Mather went into detail about holding players in the minor leagues for as long as they can and also about how they avoid signing free agents until they are willing to take less money. 

“We have taken the position that there are 180 free agents still out there on February 5th unsigned, and sooner or later these players are going to turn their hat over and come hat in hand looking for a contract”, Mather said. 

Images from Twitter: @theCUTCH22, @LLVIII40, @meLlamoTrevor, @NOAHsyndergaard

It’s known around the league and for anyone following baseball that this happens, especially with teams that do not bring in much revenue like the Mariners, but hearing a president and CEO of a baseball club put it into words and even brag about it is unsettling. It’s obviously unsettling for the players union given that the discussion they have had with the MLB has gone close to nowhere. It has also gotten to the point where MLB players are mocking the league on Twitter. Players changed their profile pictures to silhouettes of themselves because MLB.com replaced all of their pictures with generic silhouettes. The players have made it obvious that they have lost respect for management. Players are not only affected by the morality of the lockout but the loss of resources. 

Because of the lockout, players are not allowed to use any team resources. Yankees Pitcher Jameson Taillion suffered an ankle injury last season and has a 5 month recovery period. The entire staff that had planned Taillion’s recovery will not be able to work with him along with keep track of his progress and see what his recovery into next season will look like. 

Image from Twitter @jtaillion50

“Since MLB chose to lock us out, I’m not able to work with our amazing team, Physical Therapists who have been leading my post-surgery care/ progression,” Taillion explained in a tweet on December 2nd, 2021.  

Not just the players of the game are fed up, but the fans as well. It’s about this time of year when fans hear the spring training buzz and word that opening day is less than 2 months away, but this year it’s filled with the question “Is the season going to start on time?” Commissioner Rob Manfred addressed the public Thursday, February 10th with nothing but optimism which gives little hope, but the fact that pitchers and catchers were supposed to report last week, doesn’t leave much room for it. 

I’m an optimist, and I believe we will have an agreement in time to play our regular schedule”, Manfred said. 

This optimism was not implemented into any discussion very far since Spring Training has officially been delayed till March 1st. 

At least fans can be hopeful that the season has a start date, but how can fans be excited when there still is not a definite start and nothing else to keep them engaged over the off-season. No free-agent signings or big trades are happening which keep fans engaged and excite them to find out what players might be on their starting roster during the season. MLB has done nothing to ensure that fans are still engaged or excited for the season because they have no idea themselves how the season will look. The owners have to realize that the only way the MLB will stay a successful sports organization is all rooted in the fans. 

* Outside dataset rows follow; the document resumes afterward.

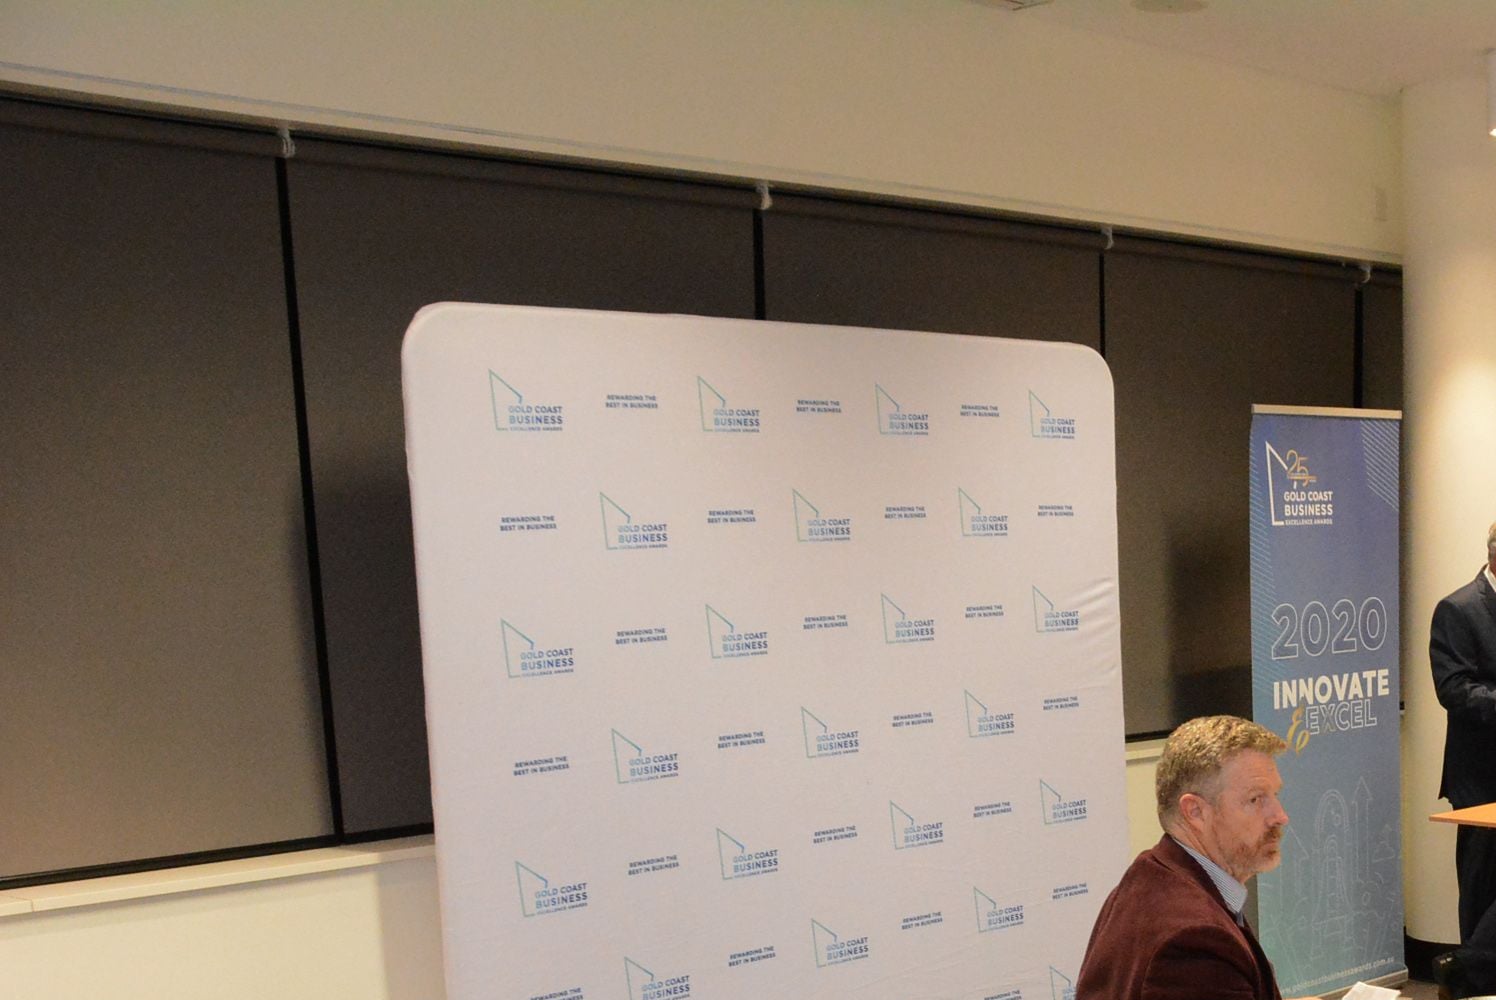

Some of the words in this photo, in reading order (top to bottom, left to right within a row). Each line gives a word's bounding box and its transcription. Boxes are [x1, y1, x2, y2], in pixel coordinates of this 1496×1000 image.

[508, 405, 532, 413] GOLD
[508, 415, 563, 424] BUSINESS
[713, 418, 760, 426] BUSINESS
[889, 421, 928, 430] BUSINESS
[1284, 491, 1306, 502] GOLD
[1308, 491, 1333, 501] COAST
[1284, 504, 1333, 516] BUSINESS
[808, 527, 850, 536] BUSINESS
[971, 523, 1007, 531] BUSINESS
[618, 533, 667, 543] BUSINESS
[1271, 596, 1387, 660] 2020
[639, 635, 667, 643] BUSINESS
[721, 634, 742, 642] GOLD
[744, 632, 767, 640] COAST
[722, 640, 768, 652] BUSINESS
[519, 650, 544, 659] GOLD
[546, 648, 573, 657] COAST
[520, 657, 574, 670] BUSINESS
[1273, 669, 1389, 710] INNOVATE
[1306, 699, 1377, 735] EXCEL
[816, 733, 835, 742] GOLD
[837, 731, 858, 739] COAST
[817, 739, 858, 752] BUSINESS
[629, 756, 651, 766] GOLD
[653, 753, 678, 763] COAST
[539, 763, 569, 773] BUSINESS
[629, 762, 678, 776] BUSINESS
[904, 825, 921, 834] GOLD
[923, 822, 942, 831] COAST
[904, 829, 943, 843] BUSINESS
[732, 853, 753, 863] GOLD
[754, 849, 777, 859] COAST
[651, 861, 679, 872] BUSINESS
[733, 857, 778, 873] BUSINESS
[534, 887, 558, 898] GOLD
[560, 882, 587, 894] COAST
[535, 891, 587, 909] BUSINESS
[826, 941, 845, 951] GOLD
[847, 936, 868, 947] COAST
[827, 944, 868, 961] BUSINESS
[641, 980, 663, 992] GOLD
[665, 975, 690, 986] COAST

Fans come to games, buy merchandise, pay for MLB.TV subscriptions to make sure they won’t miss a game. Management needs to understand that without satisfying the fans there will not be a thriving league. Management has been so concerned with saving money, but if fans are not investing in teams, they will ultimately lose money. The MLB has already seen the effects that no fans in the stadiums do from playing a season through the peak of the Covid-19 pandemic, what do they expect to happen if they lose another season. 

MLB management has lost sight of the most important part of baseball: the love of the game. Baseball is a sport that needs all the help it can get to survive, but the lockout is making that harden than it has ever been before.